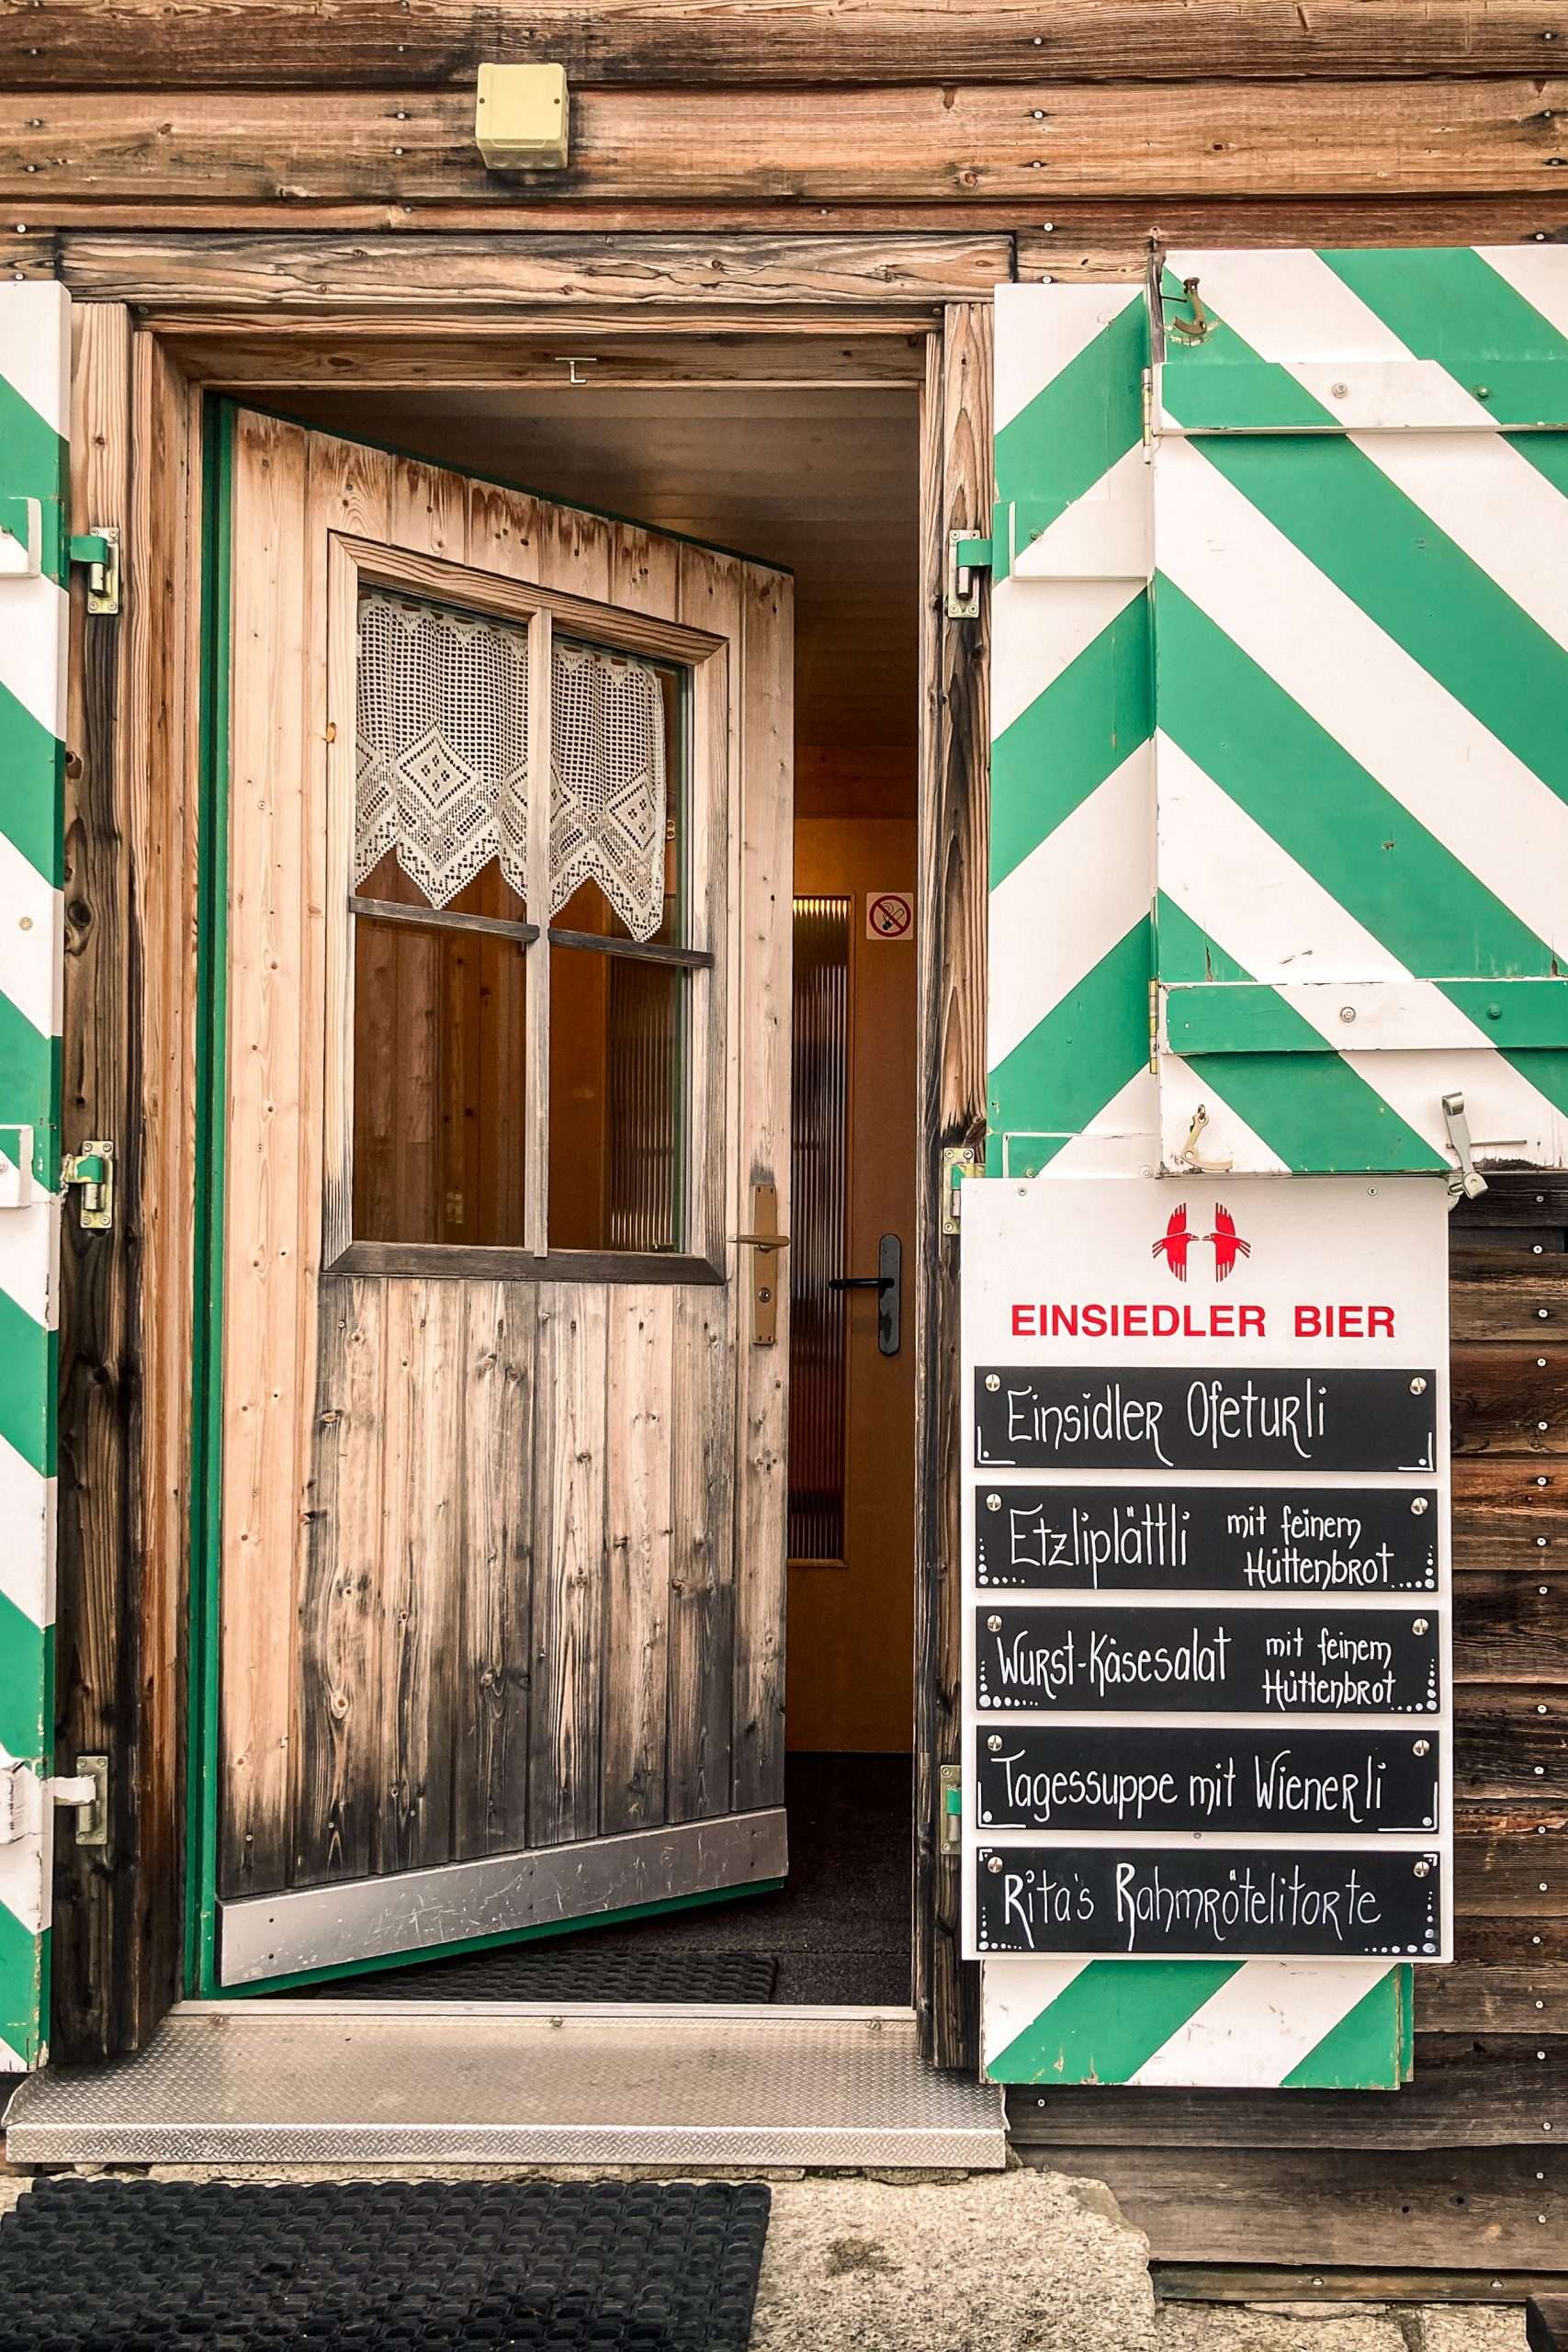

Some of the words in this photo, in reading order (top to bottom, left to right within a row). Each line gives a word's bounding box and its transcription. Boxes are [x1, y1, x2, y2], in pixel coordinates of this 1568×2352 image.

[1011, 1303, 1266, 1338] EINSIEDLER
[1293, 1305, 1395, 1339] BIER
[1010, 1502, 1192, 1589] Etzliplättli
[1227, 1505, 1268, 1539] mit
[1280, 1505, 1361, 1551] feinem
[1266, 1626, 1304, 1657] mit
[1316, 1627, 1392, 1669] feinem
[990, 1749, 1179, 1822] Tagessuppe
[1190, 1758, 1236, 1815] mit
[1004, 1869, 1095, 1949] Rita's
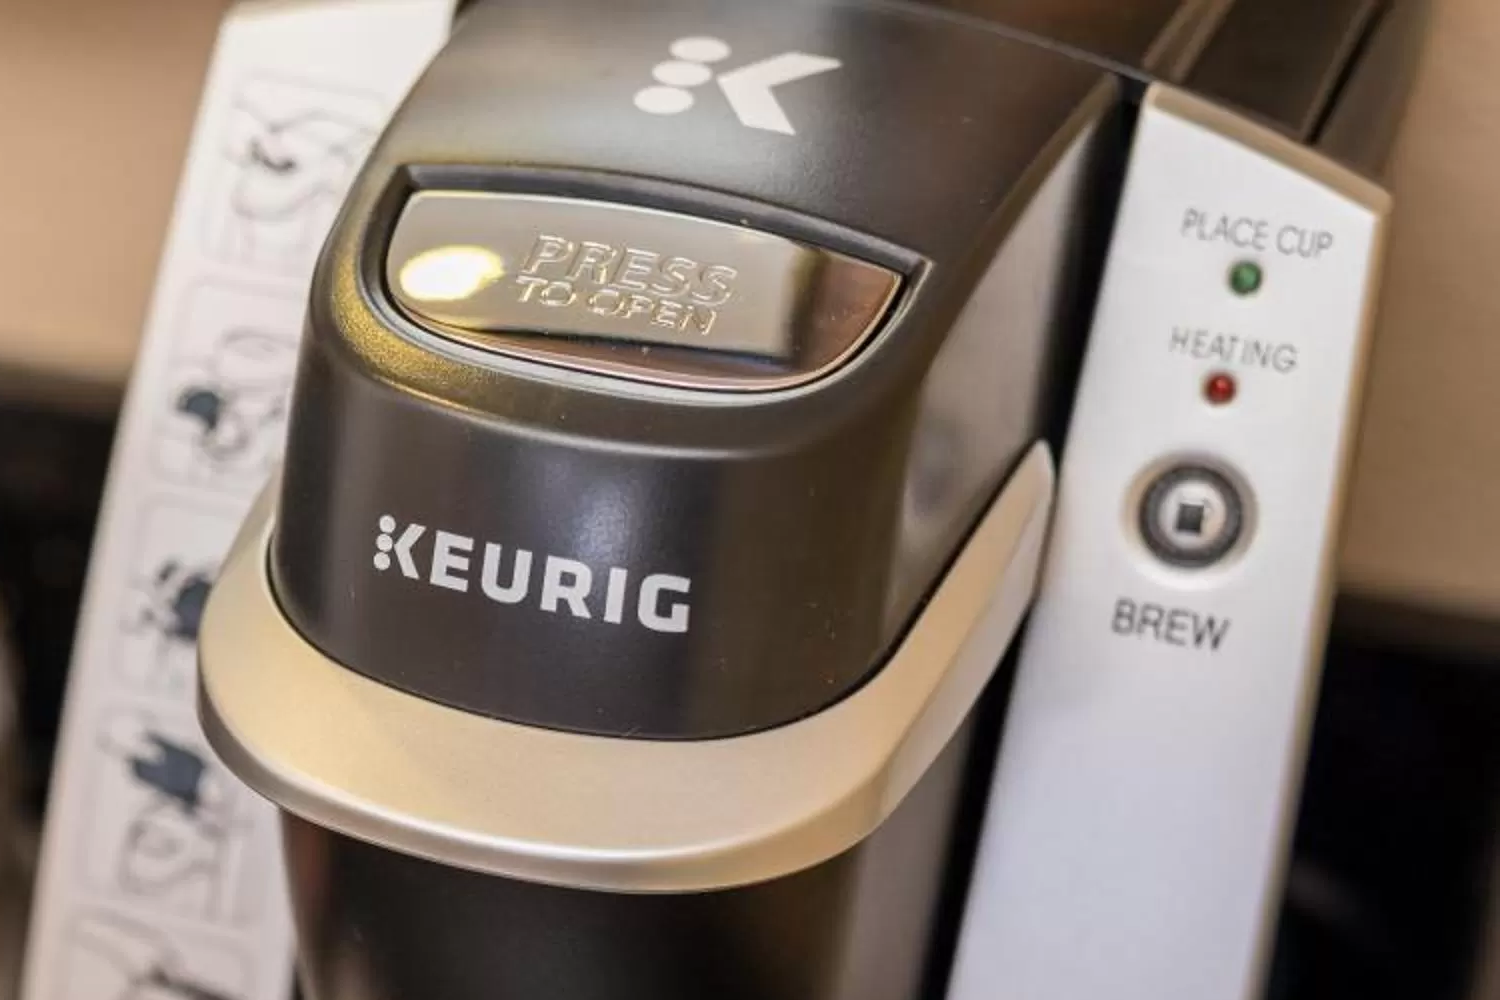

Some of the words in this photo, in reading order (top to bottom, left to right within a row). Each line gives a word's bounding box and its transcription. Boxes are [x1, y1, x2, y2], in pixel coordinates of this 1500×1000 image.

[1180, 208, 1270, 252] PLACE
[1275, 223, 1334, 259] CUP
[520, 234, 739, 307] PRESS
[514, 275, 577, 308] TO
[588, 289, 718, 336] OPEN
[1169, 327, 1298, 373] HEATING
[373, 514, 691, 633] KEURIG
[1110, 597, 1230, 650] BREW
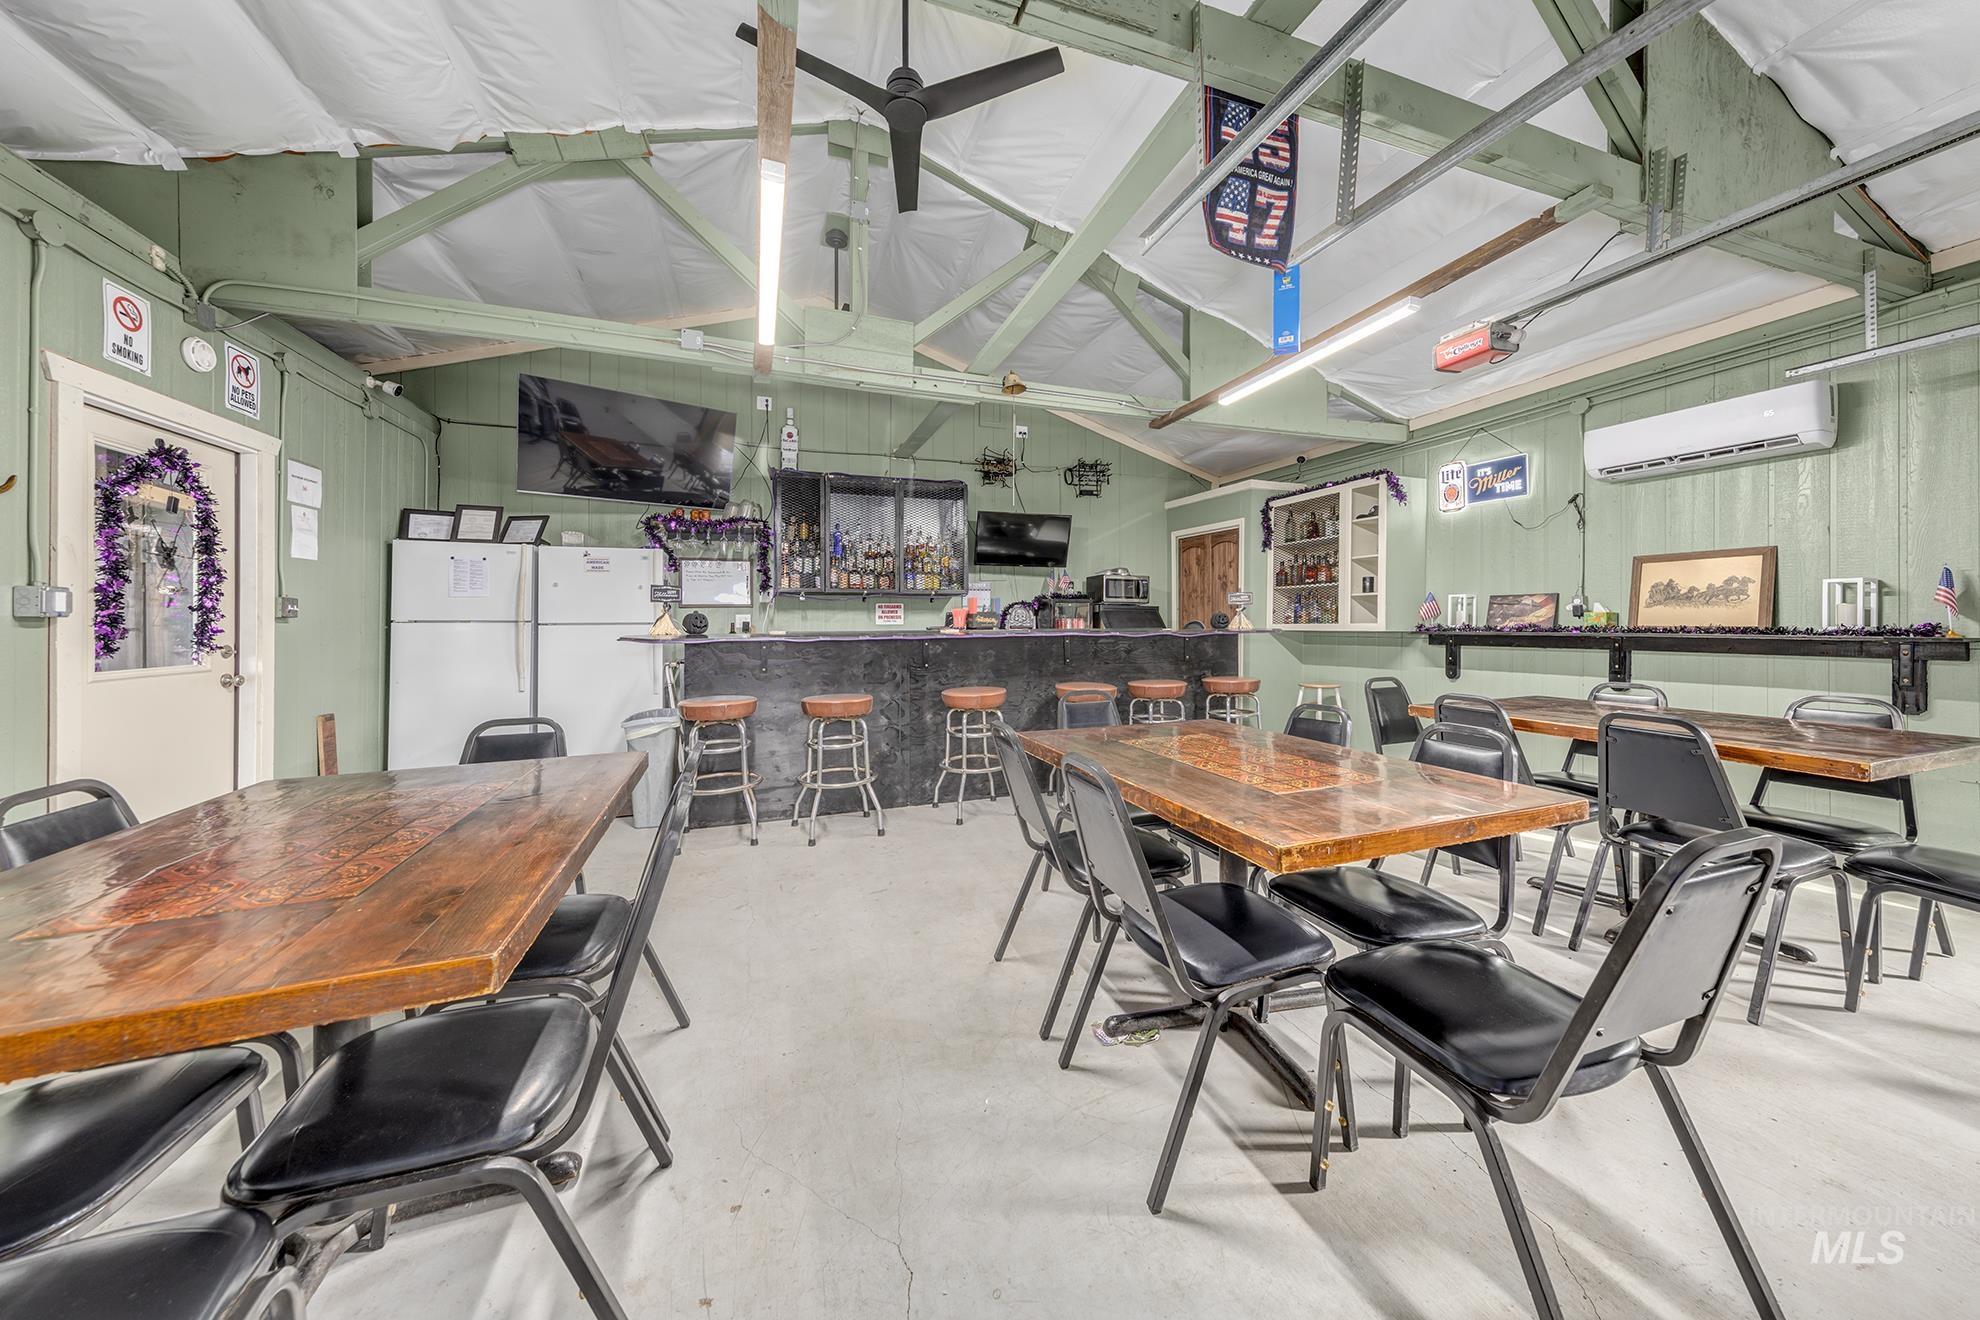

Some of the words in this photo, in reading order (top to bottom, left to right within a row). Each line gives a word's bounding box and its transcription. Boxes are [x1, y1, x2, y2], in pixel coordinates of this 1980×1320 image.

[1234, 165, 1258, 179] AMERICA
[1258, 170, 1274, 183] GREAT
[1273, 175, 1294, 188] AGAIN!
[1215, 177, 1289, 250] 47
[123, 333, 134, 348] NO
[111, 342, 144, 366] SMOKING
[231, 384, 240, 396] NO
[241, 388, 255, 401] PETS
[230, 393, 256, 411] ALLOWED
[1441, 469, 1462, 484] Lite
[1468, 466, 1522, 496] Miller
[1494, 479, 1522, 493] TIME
========================================
#### Problem statement
Drop the images and quote the entries word for word.

#### Written response
Some of the words in this photo, in reading order (top to bottom, left to right within a row). Each line gives a word's bounding box and its transcription. Boxes are [x1, y1, x2, y2], in pixel coordinates of this 1568×2352 image.

[1011, 1303, 1266, 1338] EINSIEDLER
[1293, 1305, 1395, 1339] BIER
[1010, 1502, 1192, 1589] Etzliplättli
[1227, 1505, 1268, 1539] mit
[1280, 1505, 1361, 1551] feinem
[1266, 1626, 1304, 1657] mit
[1316, 1627, 1392, 1669] feinem
[990, 1749, 1179, 1822] Tagessuppe
[1190, 1758, 1236, 1815] mit
[1004, 1869, 1095, 1949] Rita's

Some of the words in this photo, in reading order (top to bottom, left to right within a row). Each line gives a word's bounding box and its transcription. Boxes are [x1, y1, x2, y2], in pixel coordinates of this 1500×1000 image.

[1180, 208, 1270, 252] PLACE
[1275, 223, 1334, 259] CUP
[520, 234, 739, 307] PRESS
[514, 275, 577, 308] TO
[588, 289, 718, 336] OPEN
[1169, 327, 1298, 373] HEATING
[373, 514, 691, 633] KEURIG
[1110, 597, 1230, 650] BREW

Some of the words in this photo, in reading order (top to bottom, left to right within a row). Each line gives a word's bounding box and its transcription. Boxes are [x1, y1, x2, y2], in pixel coordinates of this 1980×1320 image.

[1234, 165, 1258, 179] AMERICA
[1258, 170, 1274, 183] GREAT
[1273, 175, 1294, 188] AGAIN!
[1215, 177, 1289, 250] 47
[123, 333, 134, 348] NO
[111, 342, 144, 366] SMOKING
[231, 384, 240, 396] NO
[241, 388, 255, 401] PETS
[230, 393, 256, 411] ALLOWED
[1441, 469, 1462, 484] Lite
[1468, 466, 1522, 496] Miller
[1494, 479, 1522, 493] TIME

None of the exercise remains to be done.